NAMIBIA’s ruling SWAPO party raised its election haul from 2009, as Prime Minister Hage Geingob party won a landslide victory, in the weekend’s legislative and presidential elections billed as Africa’s first e-vote.
Geingob, 73, who ran on a platform of “peace, stability and prosperity”, becomes president-elect of the vast desert nation in southwest Africa with a massive haul of 87 percent of the vote.
“I have a heavy responsibility that I cannot do only on my own. I will be a president of all Namibians. No Namibians will be left out.”
In the race for the legislature, SWAPO took 80% of the vote, winning 78 of the 96 seats in the national assembly. Going into the elections, SWAPO’s victory was all but granted, the only issue being whether the opposition would eat into the 75% haul it garnered in 2009.
Becoming the strongest opposition party in parliament, the Democratic Turnhalle Alliance won five seats, with 4.8% of the vote.
The former main opposition, the Rally for Progress and Democracy, saw its percentage of the vote cut from 11% in the last election in 2009 to 3.15%, winning just three seats.
Forged in the anti-colonial and anti-apartheid struggle, the South West Africa People’s Organisation (SWAPO) has won every election since Namibia’s independence in 1990.
Outgoing President Hifikepunye Pohamba, who stepped down after his two constitutionally mandated terms, said: “The people have spoken. Democracy is alive. I urge all our people to respect and honour the voice of the people.”
The African Union applauded the elections as free and fair.
Ambassador Fatuma Ndangiza, head of the AU election observer mission, gave Namibia a thumbs up for conducting the elections in “a peaceful environment, free from violence and intimidation”.
But she suggested Namibia’s electoral commission “consider simplifying polling station procedures” and ensuring staff were better trained in how the electronic voting machines worked.
Opposition parties complained that thousands of voters were turned away from polling stations Friday because of technical difficulties.

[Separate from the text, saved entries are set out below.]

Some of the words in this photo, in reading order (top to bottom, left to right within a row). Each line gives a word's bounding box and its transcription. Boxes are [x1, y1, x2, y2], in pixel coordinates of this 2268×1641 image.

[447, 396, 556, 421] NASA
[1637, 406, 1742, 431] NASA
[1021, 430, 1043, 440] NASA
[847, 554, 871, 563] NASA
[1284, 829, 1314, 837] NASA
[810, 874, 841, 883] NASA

Observers from the Southern African Development Community (SADC) also gave the vote their stamp of approval.
Opposition parties had launched an 11th-hour court challenge just days before the election to stop the electronic vote from going ahead, saying the use of the voting machines could facilitate vote rigging.
But the Windhoek High Court dismissed the application.

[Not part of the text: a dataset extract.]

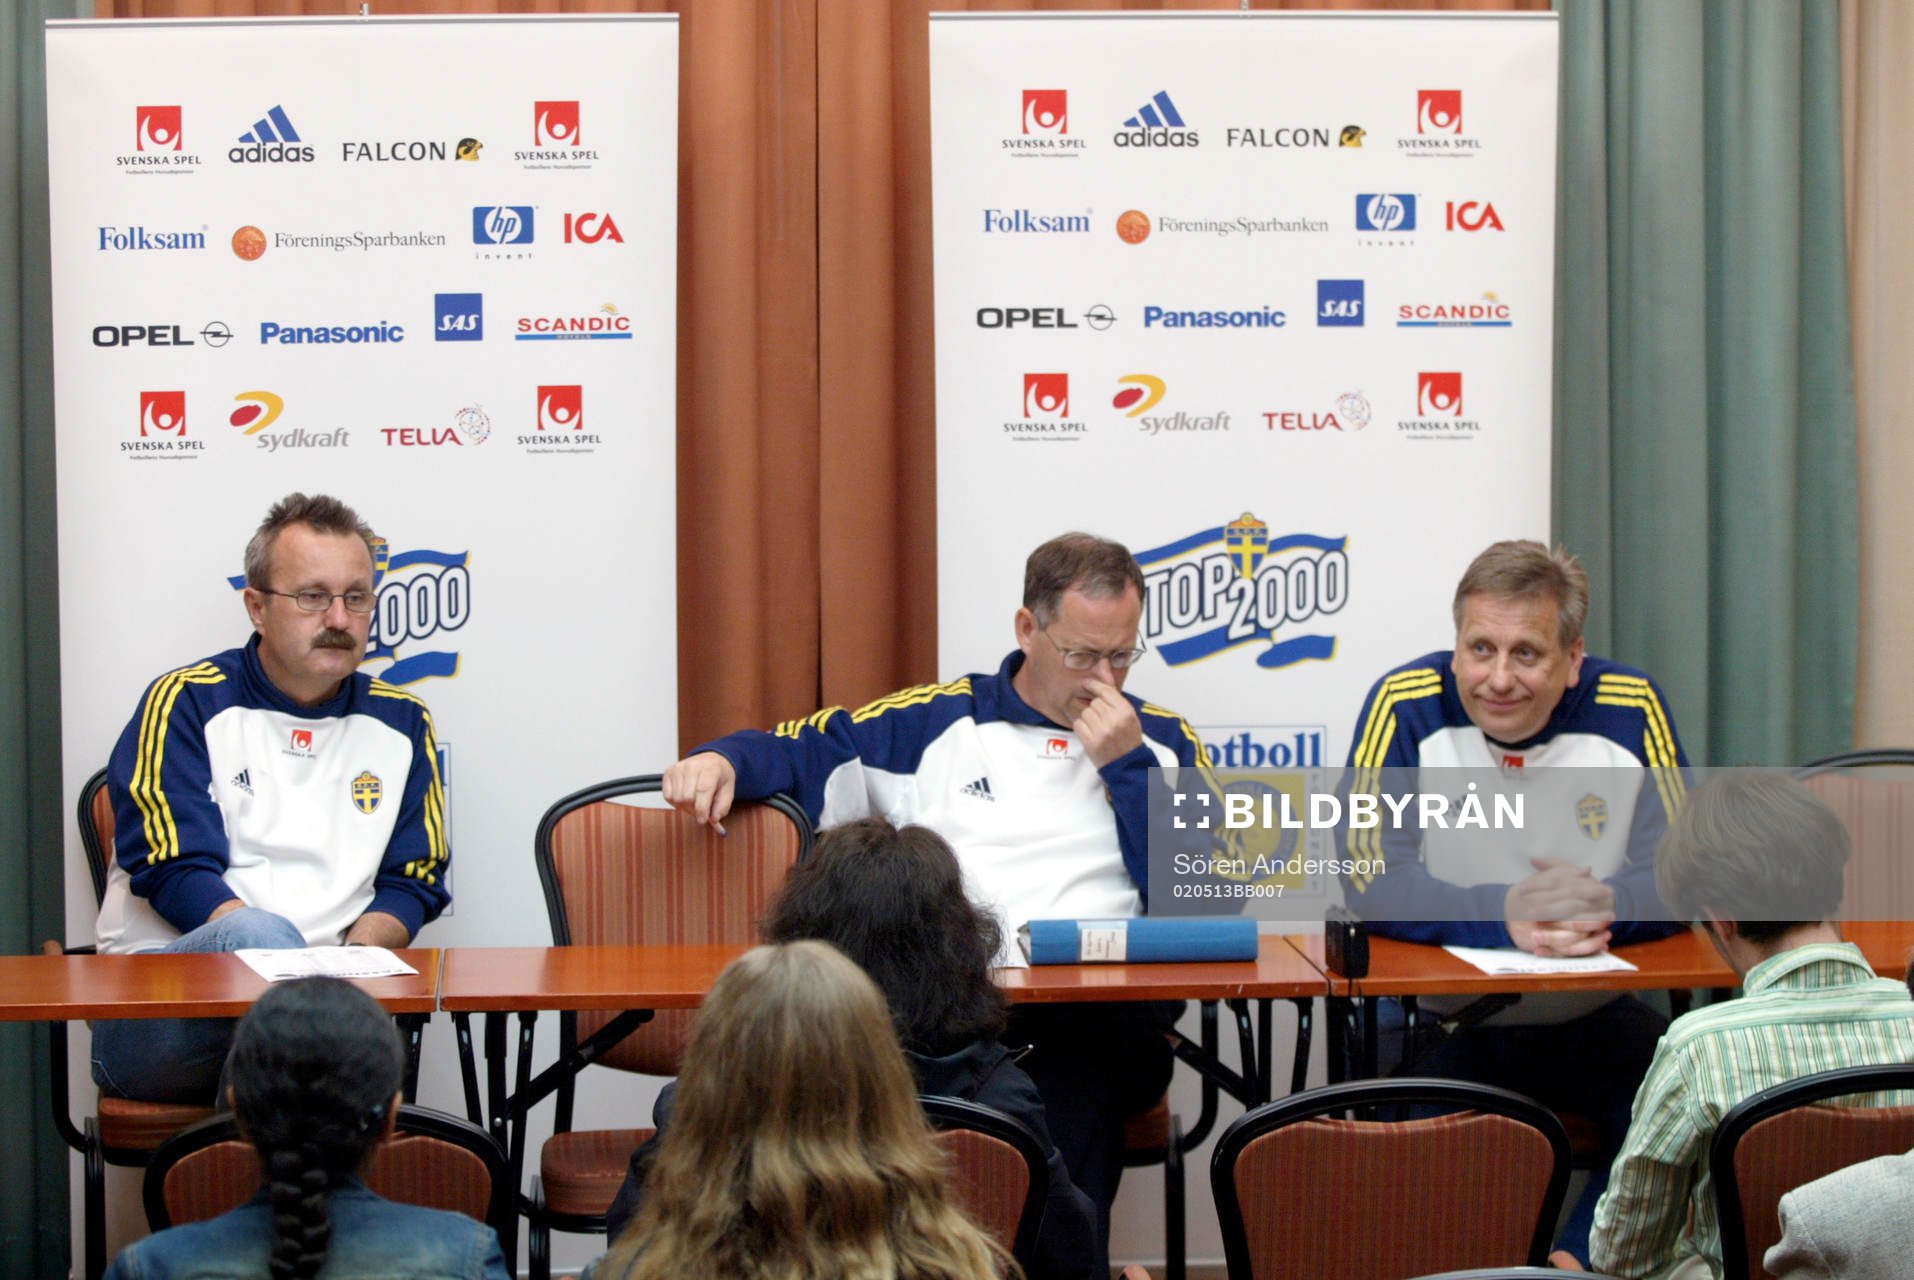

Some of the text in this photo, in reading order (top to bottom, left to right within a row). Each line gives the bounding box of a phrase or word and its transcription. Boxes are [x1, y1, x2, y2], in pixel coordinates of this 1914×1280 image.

About 72% of the 1.2 million eligible voters turned out to cast their ballots on Friday on nearly 4,000 electronic voting machines.
Other African countries have run pilot or limited e-voting, but none have done so on this scale.
Like many of Africa’s liberation movements, SWAPO has become a big-tent party that spans the political spectrum and often seems more involved with intra-party politics than voters.
Supporters say that allows for continuity, but critics say it brings stasis.
A recent Afrobarometer poll showed nearly two thirds of voters believe the government is doing a bad job creating employment, fighting corruption and improving living standards for the poor.
Economic growth is forecast at around four percent for this year, yet one in four people is out of work, according to the government’s narrow definition.
The economy remains dependent on diamond and uranium mining.